Becoming the founder of a brand new real estate brokerage certainly has its benefits. You can make your own rules and standard procedures, choose office location, and set the tone for workplace culture, select your property list and clientele, build a killer team, and more.

All of this, however, comes with a significant downside. When people think about going into business, they often focus on a desired, idyllic outcome, while neglecting the difficulty of actually starting a new brokerage and running it on a daily basis. In other words, aspiring entrepreneurs don’t always know what they’re getting into.

For starters, even a bootstrapped version of a real estate brokerage is going to set you back at least $10,000, while setting one up under a franchise will be closer to $200,000. On top of that, you’ll need to have enough savings to last you at least 12 months, as the first couple of years might not bring you much in profits.

In addition, you’ll need to complete a certain amount of pre-licensing education (varies from state to state), pass a broker exam, which is an extended version of the standard agent’s exam, and have at least 2 years of experience before you’re even allowed to apply for a license. And then there’s researching your competition, making a solid business plan, setting up your legal structure, and so on.

Just to be clear, all of this may well be worth it – but you’ve got other options, too.

 

What are the advantages of a white label brokerage?

 

Ever since 2006, when property listings became freely available online, there’s been little reason for clients to meet brokers in person, as they can now find homes of their dreams by themselves. Needless to say, the role of real estate agents has also been changing in response – going from home-finders to expert advice-givers.

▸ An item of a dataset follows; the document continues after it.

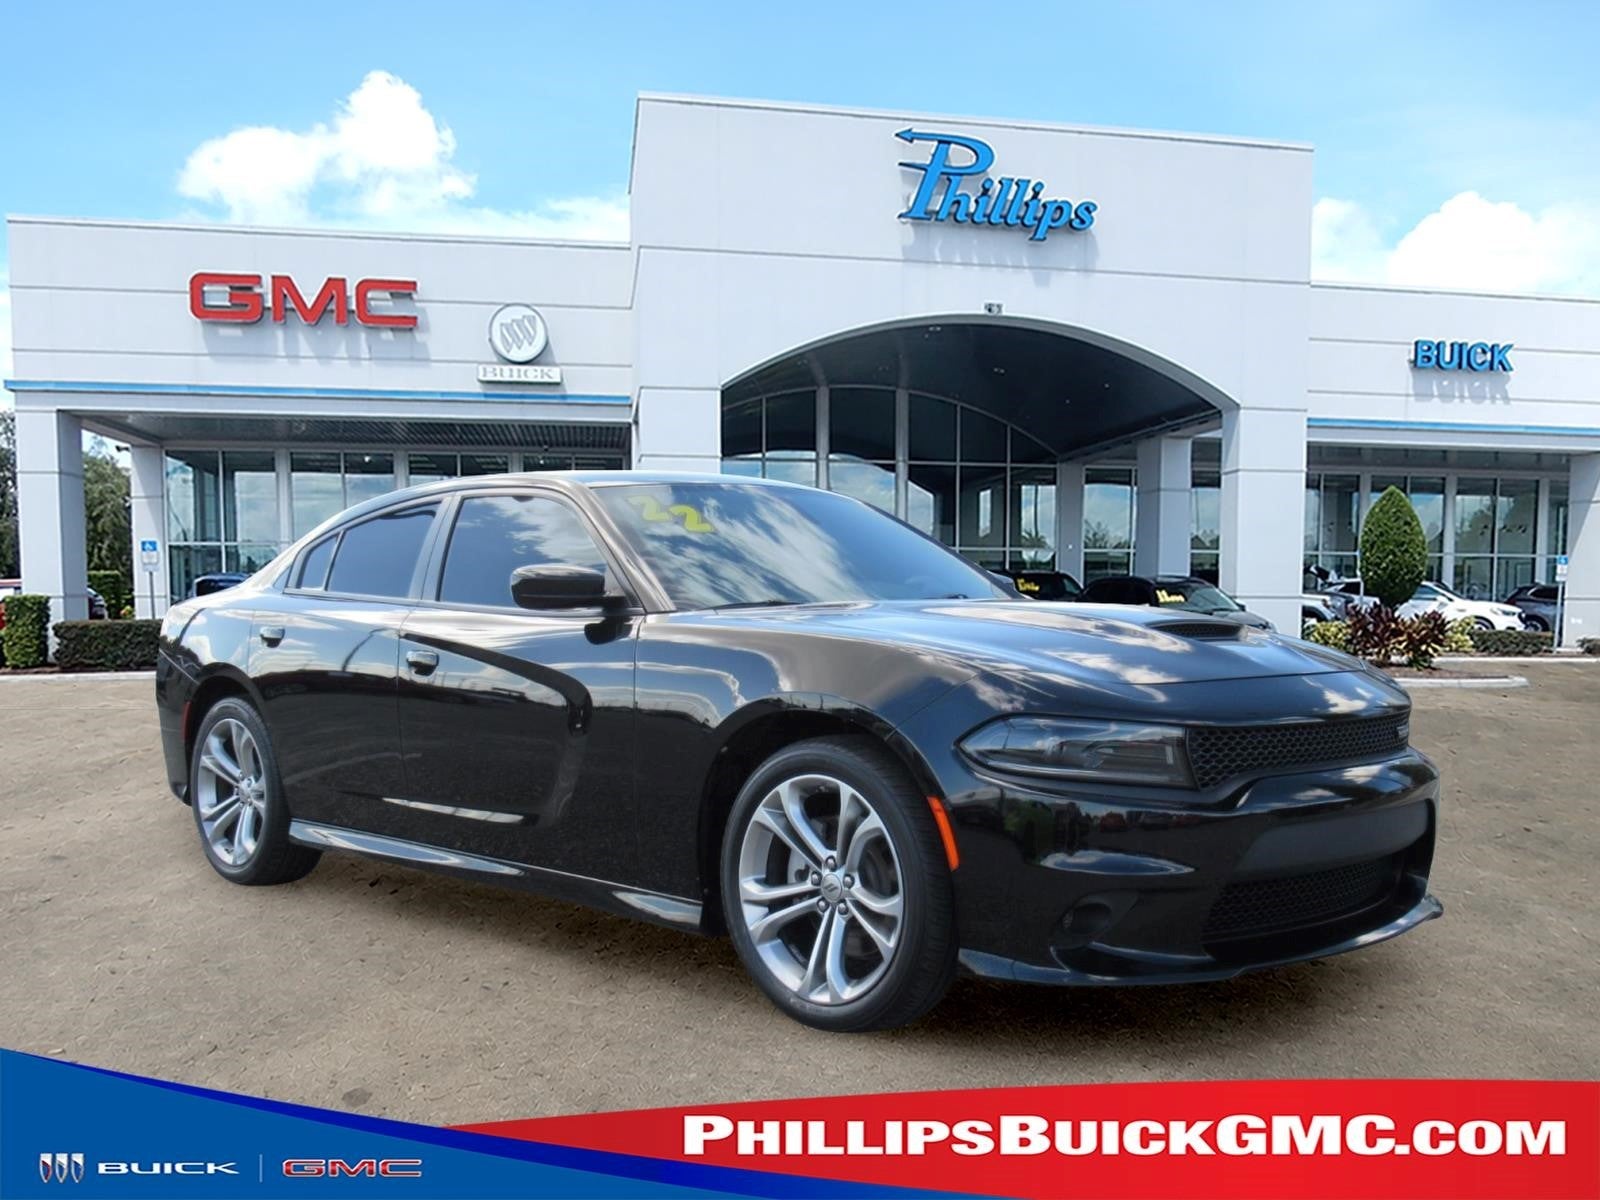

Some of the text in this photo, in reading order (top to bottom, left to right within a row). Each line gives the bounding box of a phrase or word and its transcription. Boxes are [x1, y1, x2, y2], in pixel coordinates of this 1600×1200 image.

The advent of cloud-based real estate brokerages has made it possible for agents to really focus on building their own personal brand, rather than boosting that of a major traditional brokerage. Becoming the go-to person for buyers and sellers, and developing one’s personal network have become key to staying afloat, this approach certainly has a lot going for it.

Nonetheless, if you really want to have something resembling a traditional real estate firm, why not go white label under an already established brokerage floating, as it were, in the cloud?

The way this works is very simple. You sign up with an online (cloud-based) real estate brokerage and create your own brand – whether on your own or with several partners. While this doesn’t make it an actual company, most of your clients won’t know the difference. 

With this approach, your brand will be visible on your website, email signatures, ads, brochures – you name it. In fact, your brand will be the only one your potential clients will see because with cloud-based real estate brokerages there is no co-branding at all. For all intents and purposes, you’ll have your own company without the usual headache (and massive investment) that comes with licensing, hiring staff, and running a complex operation.

In essence, the cloud-based real estate brokerage of your choice will provide the tech, marketing, and administrative resources, while you and your team will set up the brand, agree on standard operating procedures, and set whatever other rules you judge necessary. If you want, you can even have a physical office to make it even more like a regular business.

To really drive this concept home, consider the following two examples:

You can think of white label sponsorship as Shopify for agents – Shopify provides a platform for anyone to run their business, but none of the consumers know the business is “powered by” Shopify. All they know and see is the brand and the product displayed on the website.

And the second example of this being a B2B service is Wells Fargo. When you apply for a loan with Wells Fargo, the online application is powered by a company called Blend Labs. Not that you’d know about it just by looking – Blend Labs creates a white label service that allows you to experience it as though it was created and operated 100% by Wells Fargo.  

 

In conclusion

 

Starting your own brokerage is potentially rewarding, both financially and professionally, but also comes with a huge price tag, lots of administrative drudgery, and let’s be honest  – eating ramen noodles for several years before the business gets off the ground and becomes profitable. 

One good alternative to that is getting together your own team and establishing a brand in partnership with a cloud-based real estate brokerage. It won’t bring you all of the joys and miseries of owning a company, but in most ways, the difference will be negligible. If anything, it might be preferable as you won’t have to build any infrastructure or deal with complex legal issues.

Whether you end up going the white label sponsorship route or not, you should definitely at least consider it. Getting most of the benefits of running your own company with few (if any) of the downsides is a pretty good bargain, if you ask us!